Mark Zuckerberg Got Pwned

Written By Alexander Boulden

Posted February 12, 2024

Dear Reader,

It’s been a wild few days for Mark Zuckerberg, the man behind Facebook and now Meta.

That’s because he was grilled alive by the U.S. Senate Judiciary Committee who held a hearing about social media safety last week.

In fact, all the social media bigwigs were there, including the CEOs of Snap, TikTok, X, and Discord.

The point was to get social media CEOs on the record to testify about the harms of social media on kids and to get their approval of a new bill called the Kids Online Safety Act.

In the back, parents of children who’ve died or suffered could be seen holding up pictures of their loved ones.

The scene was chaotic and a bit awkward.

While many see this hearing as a win for Republicans and Democrats who banded together to address something as obvious as child safety online, it came off as a bit of a circus act.

Many of the questions were disingenuous and vitriolic, used to drum up emotion and fear.

Zuckerberg was asked if he would take personal responsibility for the children and families that have been harmed. He was even asked if he would compensate them with his own money.

It was basically the Senate committee yelling at the CEOs out of frustration. It also felt like they were showing off for the parents and using Zuck as a scapegoat for a systemic and societal issue.

And they barely let any of the CEOs answer any questions.

Now, Zuck’s no stranger to controversy, but this time you could visibly tell by the look on his face that he’s worried.

He even issued an awkward apology to the families on live TV.

He said, “I’m sorry for everything that you have all been through. It’s terrible and no one should have to go through the things that your families have suffered.” He added that the company’s investing in “industry-leading” efforts to research and combat these problems.

AL Jazeera reminded us of all about this:

This apology adds to a long list of apologies Zuckerberg has issued since he launched Facebook in 2004 when he was 19 years old.

Early after the website was launched, he mocked the 4,000 students who had joined Facebook, bragging to friends in text messages about the vast amount of personal information he had collected thanks to the misplaced trust of his users. Zuckerberg called them “dumb” and punctuated the word with profanity. In 2010, he apologized for his words.

Zuckerberg has also repeatedly apologized for concerns related to privacy and user data.

Zuckerberg is no stranger to controversy.

He quite literally stole the idea of Facebook. Everyone knows it despite his initial lies. He settled out of court, paid millions of dollars to his friends, and ran away with the company.

Heavy is the head that wears the crown, Zucky.

So if Facebook was founded in an unethical way, it only tracks that it’s being run in an unethical way.

That won’t change, so we need government intervention through the bill that the Senate is trying to pass.

Zuck constantly says that social media is built for the greater good and that it brings people together, but time and time again we see that’s just not true. And when you further allow your company to be manipulated by the federal government for election purposes, well, you’ve just sold your company up the river.

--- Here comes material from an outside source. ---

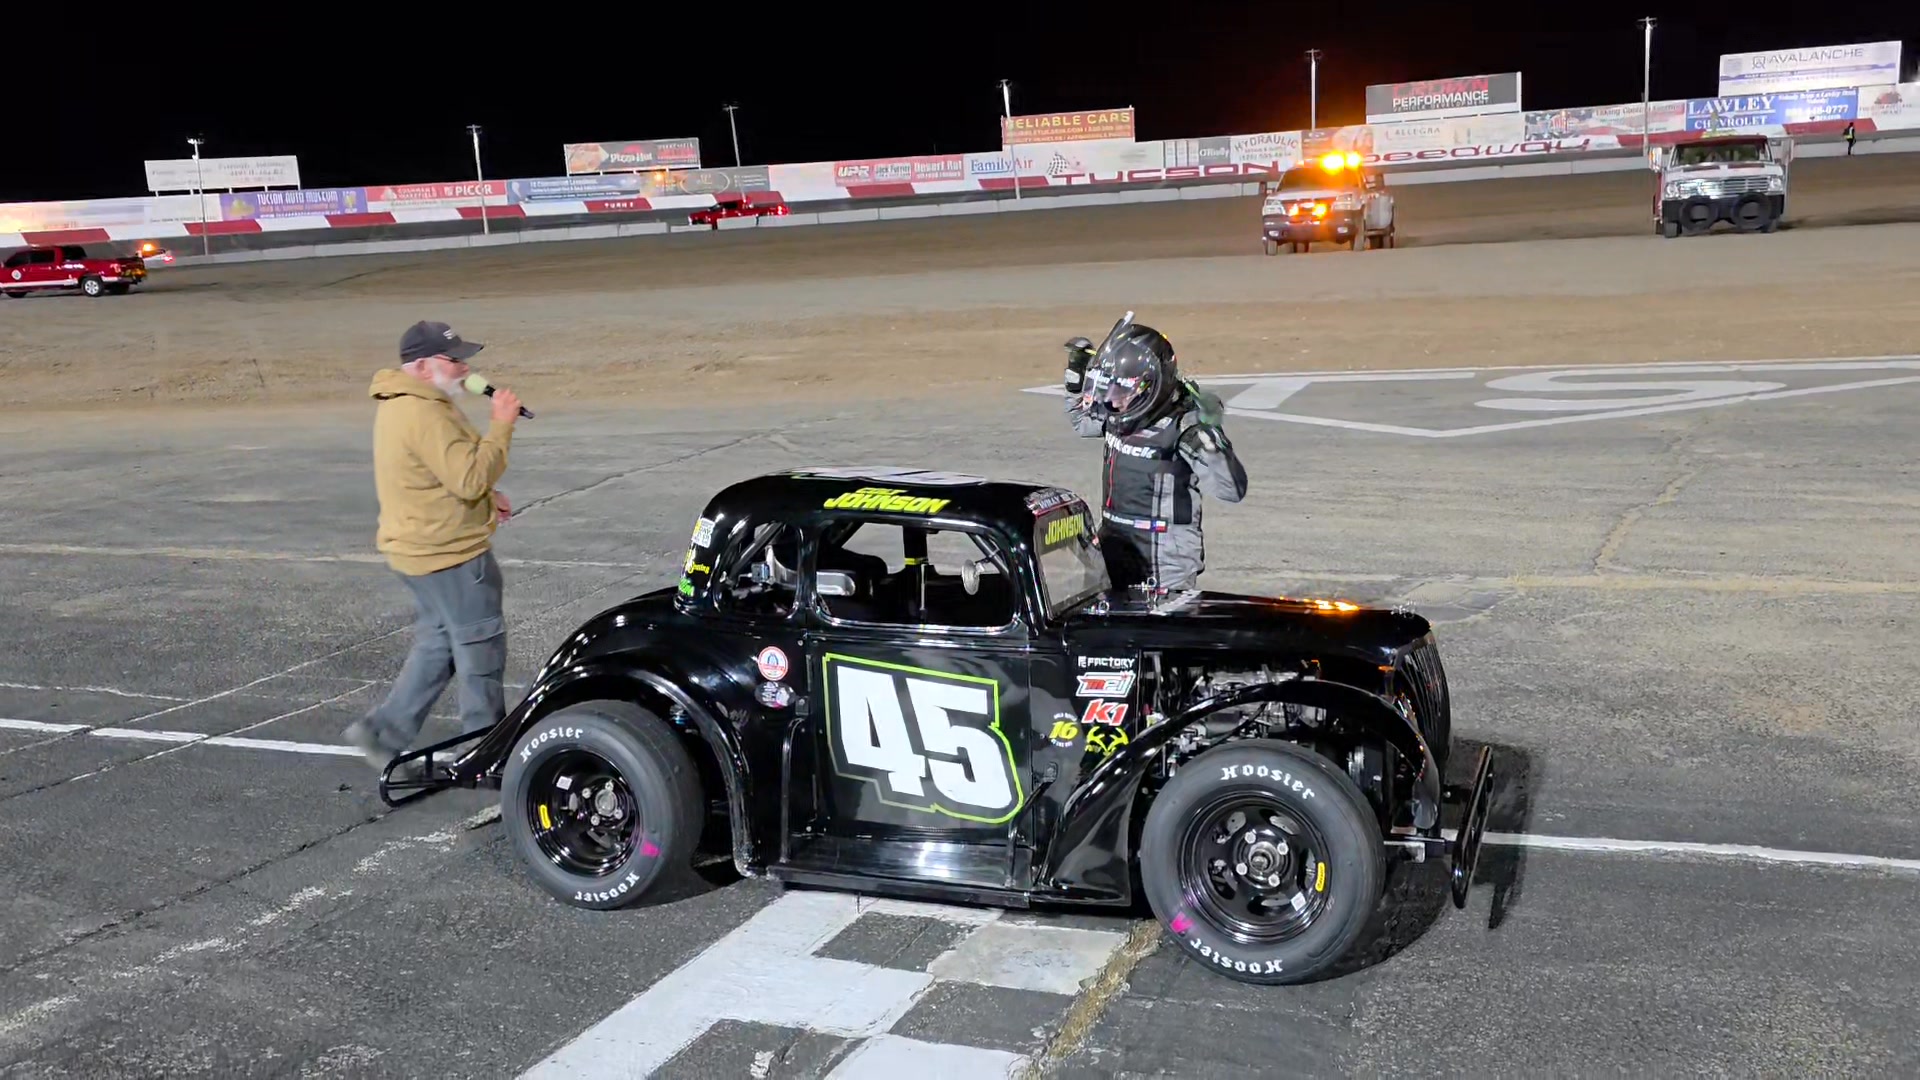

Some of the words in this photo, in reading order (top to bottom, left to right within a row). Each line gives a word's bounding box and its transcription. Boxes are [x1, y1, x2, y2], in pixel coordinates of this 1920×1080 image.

Needless to say, I’m not the first person to rush in to defend Zuck. But the more I listened to the hearing, the more I felt like someone’s got to stick up for this guy.

In a lot of ways, it’s not Zuck’s fault. In its original form, Facebook was meant to connect Ivy League college students. It then expanded to all colleges, and that’s when it was in its prime.

However, once the ads started rollin’ in and you saw grandma commenting on your pictures from a wild night, well, it was time to toss it in the trash.

We act like social media is a necessity, like it’s a utility. Literally none of us needs to use it. We choose to use social media. Yes, it’s addictive and, as an old colleague of mine used to say, it should come with a Surgeon General’s warning — but who’s really to blame?

Children should not be using social media in the first place, just like they shouldn’t be drinking alcohol or smoking cigarettes.

It needs to be severely restricted.

Ah, but that won’t bode well for Zuck’s media empire of ads.

Here’s an idea… If you don’t like Facebook or Zuckerberg, don’t use his platform.

Remember, you vote with your money, time, and attention.

Every time you use Facebook or Instagram, you’re giving Zuck money.

Every time you’re about to doom scroll through your feed, why not open a book?

I kicked social media out of my life years ago now, and I legitimately don’t miss it at all and can’t imagine going back.

It was great in college, but now I guess I just don’t care.

I don’t know, maybe I’m weird, but I’ve got way better things to do with my time then waste it online.

If I need social interaction, I can go do a hobby. I try to cultivate relationships with those around me and give people phone calls — remember those? — instead of a DM on Instagram.

So, look, instead of blaming Zuck for all these problems, maybe the Senate committee needs to understand why people are so hell bent on using social media in the first place. There are deeper societal problems at play here.

Maybe if people were content with their current lives, they wouldn’t feel the need to post everything online to strangers.

And again, children should not be using social media unless it’s an account run and supervised by the parents. But even then, I just don’t see a need for one unless you’re in college, plain and simple.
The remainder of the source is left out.